# Prove that every infinite set has a countable subset (non constructive proof)

I've seen a constructive proof based on induction that is awesome. But when I tried to prove it, I used a different approach. Can someone please verify my work? Thank you and any critic is highly appreciated!

It's a proven fact that $$X$$ is a countable set if and only if $$\exists f : \mathbb{N} \rightarrow X$$ surjective. Therefore if $$X$$ is not a countable set then $$\nexists f: \mathbb{N} \rightarrow X$$.

Since $$X$$ is infinite, it can be a (1) countable infinite set of an (2) uncountable infinite set.

(1) is trivial, since $$X \subset X$$, the theorem is proved for this case.

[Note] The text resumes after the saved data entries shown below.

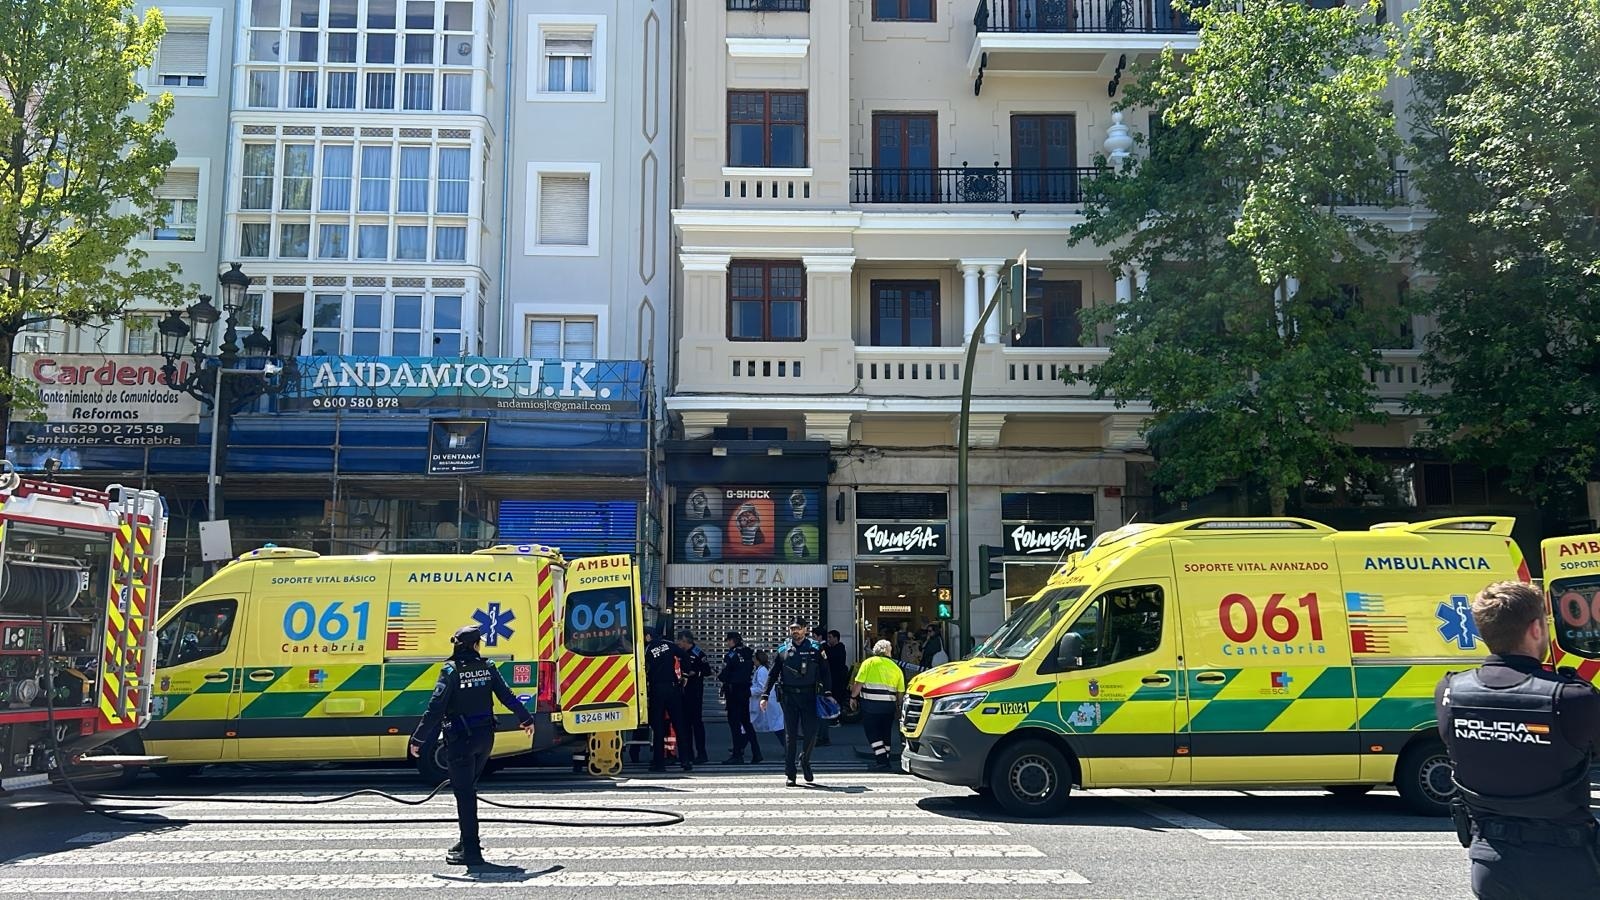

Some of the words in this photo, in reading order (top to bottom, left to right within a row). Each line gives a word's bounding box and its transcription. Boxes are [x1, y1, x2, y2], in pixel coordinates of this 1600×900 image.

[313, 362, 509, 389] ANDAMIOS
[518, 360, 611, 398] J.K.
[38, 390, 103, 404] Mantenimiento
[105, 390, 118, 404] de
[121, 390, 179, 404] Comunidades
[323, 398, 346, 408] 600
[350, 398, 373, 408] 580
[377, 398, 399, 408] 878
[497, 400, 611, 411] andamiosjk@gmail.com
[72, 407, 139, 419] Reformas
[44, 424, 98, 434] Tel.629
[101, 424, 121, 434] 02
[127, 424, 143, 434] 75
[146, 424, 164, 434] 58
[25, 435, 101, 444] Santander
[114, 435, 181, 445] Cantabria
[726, 490, 770, 499] G-SHOCK
[576, 557, 629, 572] AMBUL
[1184, 563, 1233, 572] SOPORTE
[1237, 562, 1267, 571] VITAL
[1270, 562, 1329, 571] AVANZADO
[1364, 557, 1491, 570] AMBULANCIA
[271, 576, 313, 584] SOPORTE
[343, 575, 376, 583] BÁSICO
[408, 572, 514, 583] AMBULANCIA
[580, 574, 620, 584] SOPORTE
[709, 568, 785, 585] CIEZA
[939, 589, 951, 600] 23
[283, 601, 370, 641] 061
[571, 601, 628, 631] 061
[1218, 592, 1323, 643] 061
[572, 629, 628, 640] Cantabria
[281, 642, 364, 653] Cantabria
[1222, 644, 1326, 656] Cantabria
[459, 669, 491, 680] POLICIA
[1002, 702, 1028, 714] U2021
[581, 713, 603, 722] 3246
[604, 711, 621, 721] MNT
[1454, 718, 1529, 733] POLICIA

(2) $$X$$ is an uncountable infinite set. We can conclude by our previous statement that $$\nexists f: \mathbb{N} \rightarrow X$$ surjective. Therefore, for every function that maps $$\mathbb{N}$$ to $$X$$ there'll be elements of $$X$$ that is not image of any $$n \in \mathbb{N}$$. Let's define a set of those elements: $$S:= \{x \in X | f(n) \neq x \text{ } \forall n \in \mathbb{N} \}$$ Now we can build a surjective function: $$F:=f|_{f^{-1}(X\setminus S)} : f^{-1}(X \setminus S) \subset \mathbb{N} \longrightarrow X \setminus S$$ And by axiom of choice we can change the domain of $$F$$ by selecting for every $$x \in X \setminus S$$ only one element of $$f^{-1}(X \setminus S)$$. That'll make $$F$$ a bijective function. Let $$\overline{F}$$ be that modified version of $$F$$ and $$\overline{\mathbb{N}}$$ be the modified version $$f^{-1}(X \setminus S)$$. Now we have: $$\overline{\mathbb{N}} \subset f^{-1}(X \setminus S) \subset \mathbb{N} \rightarrow \overline{\mathbb{N}} \subset \mathbb{N} \\ \overline{F} : \overline{\mathbb{N}} \longrightarrow X \setminus S$$ It's also a proven fact that every subset of a countable set is countable. Since $$\mathbb{N}$$ is countable, then $$\overline{\mathbb{N}}$$ is countable. By definition of countable set, we know that $$\exists g: \mathbb{N} \rightarrow \overline{\mathbb{N}}$$ bijective. Finally we can create a composition of functions to make a map from $$\mathbb{N}$$ to $$X \setminus S$$: $$h := \overline{F} \circ g : \mathbb{N} \rightarrow X \setminus S$$ Since the composition of bijective functions is bijective, $$h$$ is also bijective and therefore $$X\setminus S \subset X$$ is countable.

• Are you assuming $f$ is injective? Because even in your definition, there is always a surjective function from $\mathbb{N}$ to any finite set, so countable could also mean finite. So for your proof to work you would have to assume that $f$ is injective, but this seems equivalent to saying $X$ has a countably (infinite) subset. Mar 31 '19 at 10:28

From your statement "every subset of a countable set is countable", I presume you're using the term "countable" to include all finite sets, including the empty set. But with that definition, both (1) and (2) are trivial, because $$\ \emptyset \subset X \$$. So, while I think your proof does work, it's kind of like using a sledgehammer to crack a nut.
A more interesting question is how to prove that any infinite set contains a countably infinite subset. In that case you would need to modify your proof to choose a function $$\ f:\mathbb{N}\rightarrow X\$$ with an infinite range, and, as vxnture points out in his comment, simply asserting the existence of such a function would amount to begging the question. Nevertheless, I don't think it would take much more to adapt your proof to the countably infinite case. The existence of an injective function $$\ f:\left\{1,2,\dots,n\right\}\rightarrow X\$$ is relatively trivial, and so you should be able to use Zorn's lemma to prove the existence of an injective function whose domain is the whole of $$\ \mathbb{N}\$$, and whose range is a subset of $$\ X\$$.